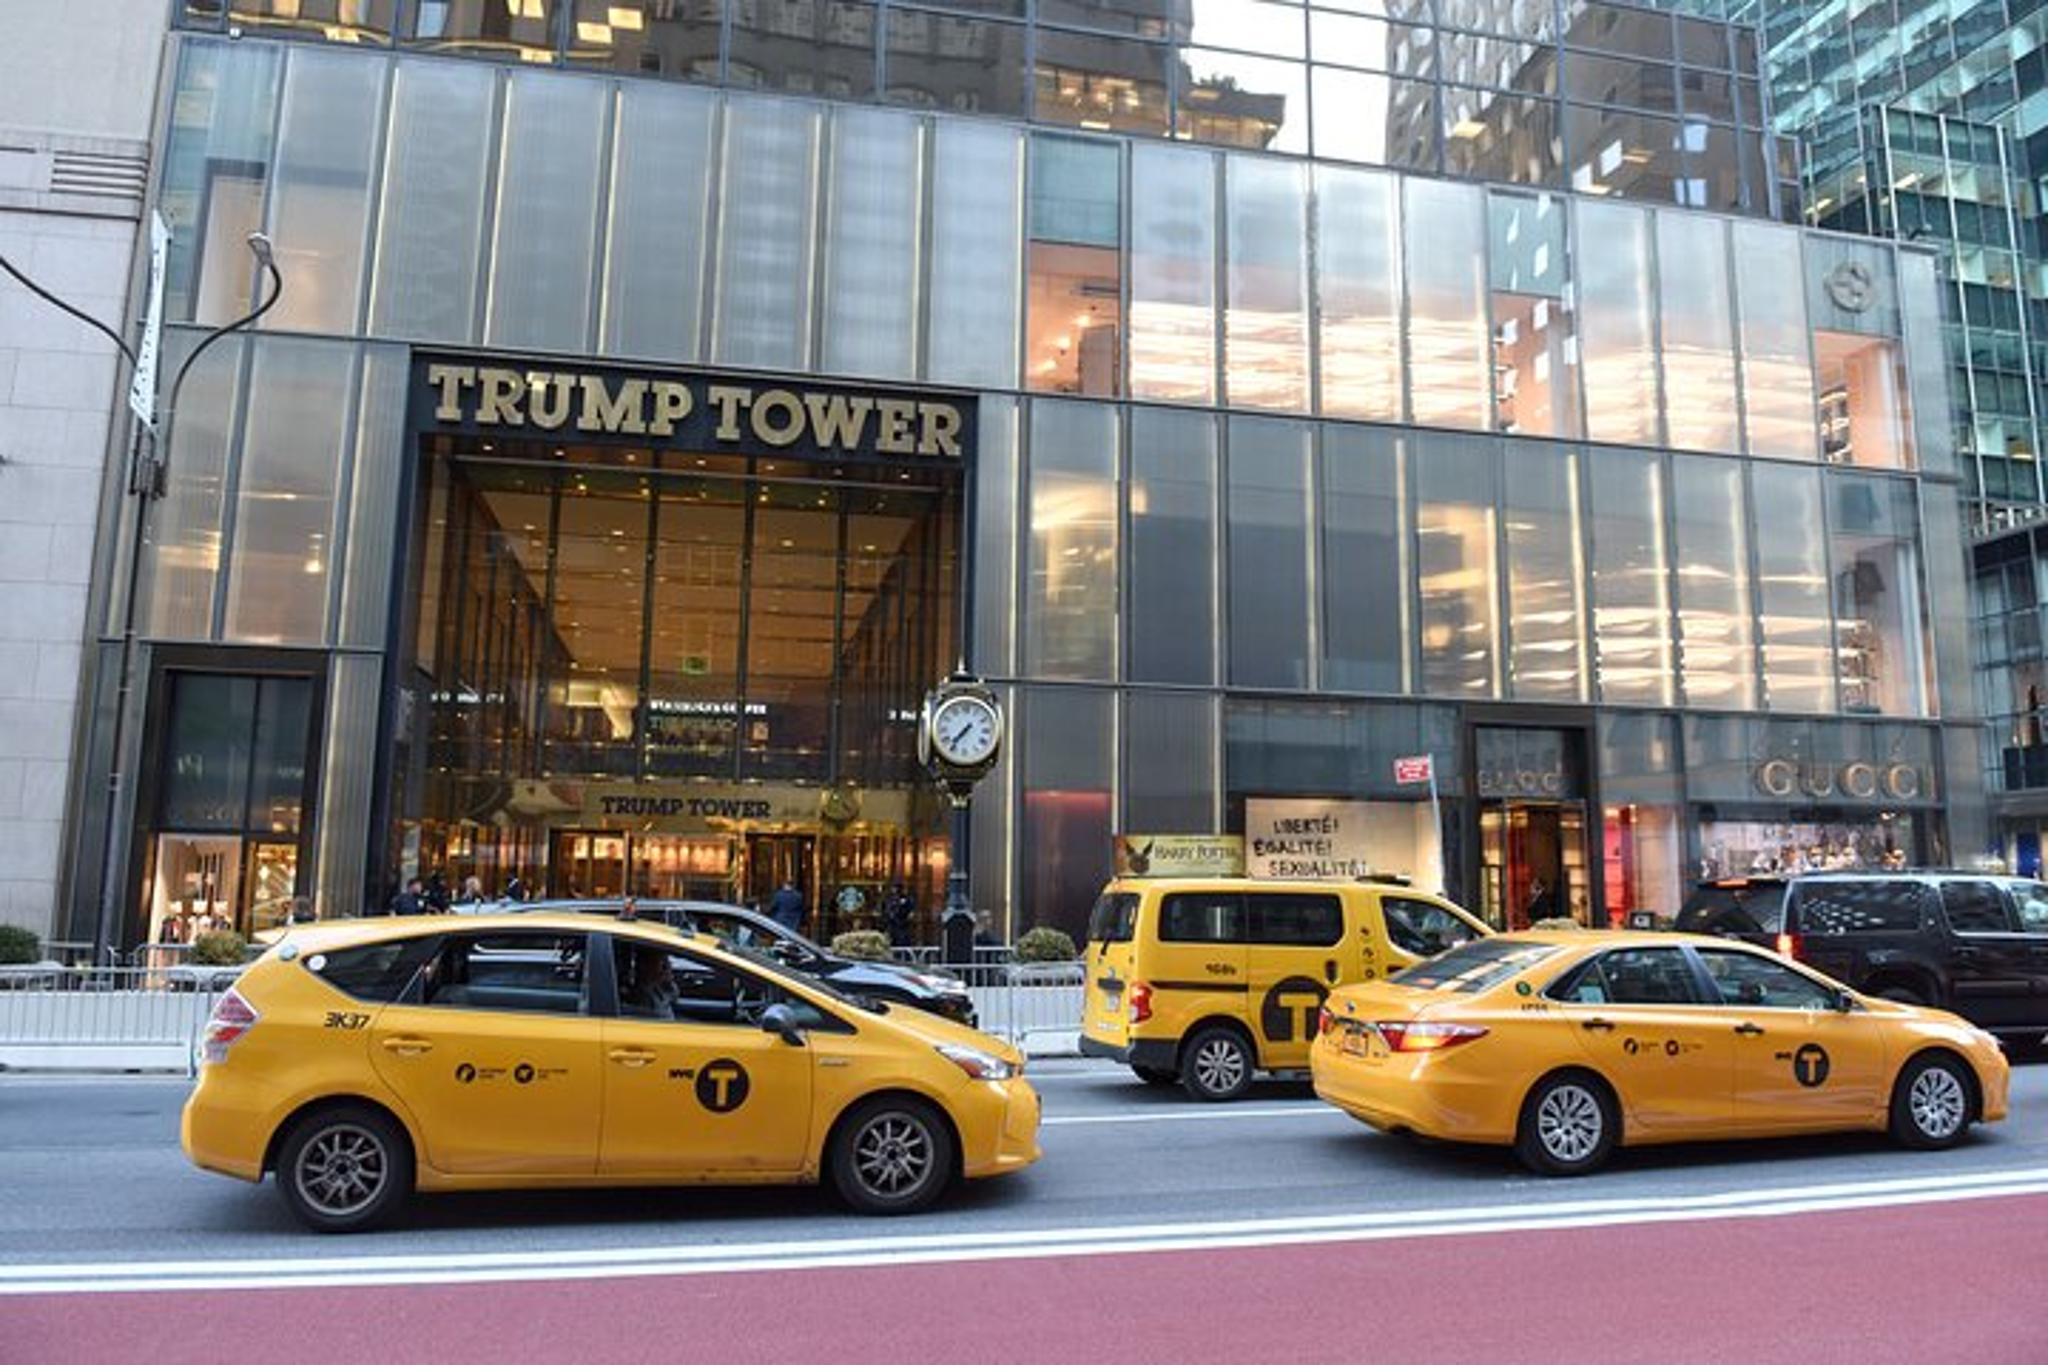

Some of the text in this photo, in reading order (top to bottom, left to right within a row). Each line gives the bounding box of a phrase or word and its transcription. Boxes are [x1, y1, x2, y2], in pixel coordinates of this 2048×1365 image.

[428, 363, 963, 457] TRUMP TOWER
[600, 797, 771, 817] TRUMP TOWER
[324, 1011, 371, 1030] 3K37
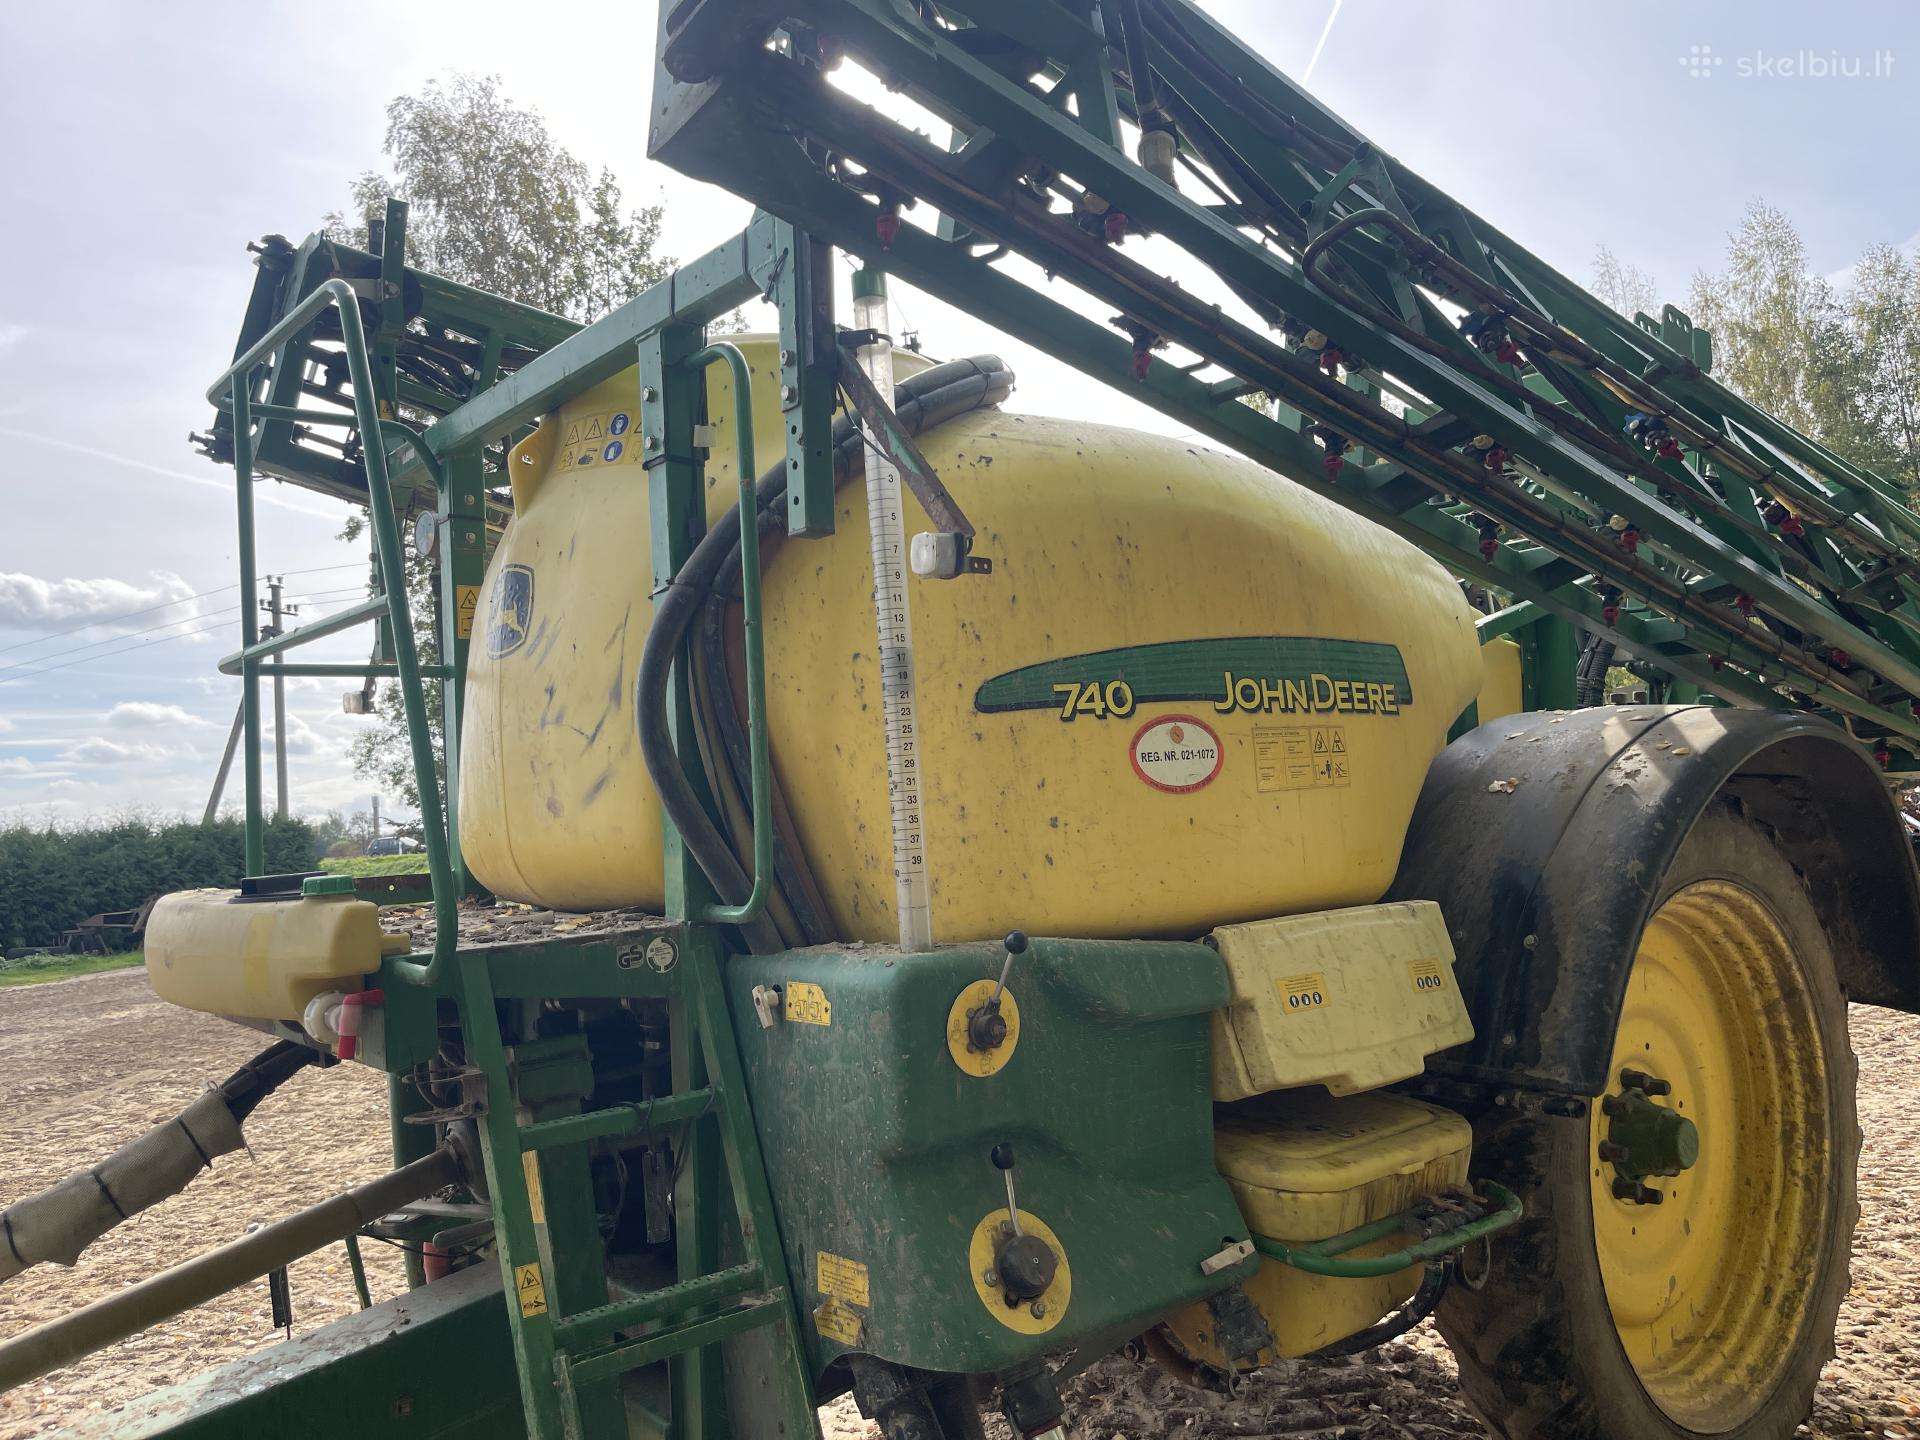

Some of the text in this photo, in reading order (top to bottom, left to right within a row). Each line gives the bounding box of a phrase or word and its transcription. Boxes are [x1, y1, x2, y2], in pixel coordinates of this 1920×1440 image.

[891, 513, 897, 521] 5
[893, 545, 898, 554] 7
[895, 571, 901, 580] 9
[893, 594, 902, 602] 11
[894, 613, 904, 622] 13
[895, 633, 906, 642] 15
[896, 653, 906, 661] 17
[899, 690, 909, 699] 21
[1052, 680, 1137, 722] 740
[900, 707, 911, 716] 23
[902, 724, 913, 733] 25
[903, 742, 914, 751] 27
[1141, 749, 1215, 763] REG. NR. 021-1072
[904, 759, 915, 768] 29
[906, 777, 916, 786] 31
[907, 795, 917, 804] 33
[908, 814, 919, 824] 35
[910, 834, 920, 844] 37
[911, 855, 922, 865] 39

════════

Each line above should be returned exactly as written, apart from any pictures.

Some of the text in this photo, in reading order (top to bottom, left to right within a row). Each line gives the bounding box of a phrase or word and its transcription. Boxes are [x1, y1, x2, y2], in pixel coordinates of this 2048×1365 image.

[428, 363, 963, 457] TRUMP TOWER
[600, 797, 771, 817] TRUMP TOWER
[324, 1011, 371, 1030] 3K37

Some of the text in this photo, in reading order (top to bottom, left to right within a row). Each line gives the bounding box of a phrase or word and its transcription. Boxes are [x1, y1, x2, y2], in pixel coordinates of this 1920×1440 image.

[891, 513, 897, 521] 5
[893, 545, 898, 554] 7
[895, 571, 901, 580] 9
[893, 594, 902, 602] 11
[894, 613, 904, 622] 13
[895, 633, 906, 642] 15
[896, 653, 906, 661] 17
[899, 690, 909, 699] 21
[1052, 680, 1137, 722] 740
[900, 707, 911, 716] 23
[902, 724, 913, 733] 25
[903, 742, 914, 751] 27
[1141, 749, 1215, 763] REG. NR. 021-1072
[904, 759, 915, 768] 29
[906, 777, 916, 786] 31
[907, 795, 917, 804] 33
[908, 814, 919, 824] 35
[910, 834, 920, 844] 37
[911, 855, 922, 865] 39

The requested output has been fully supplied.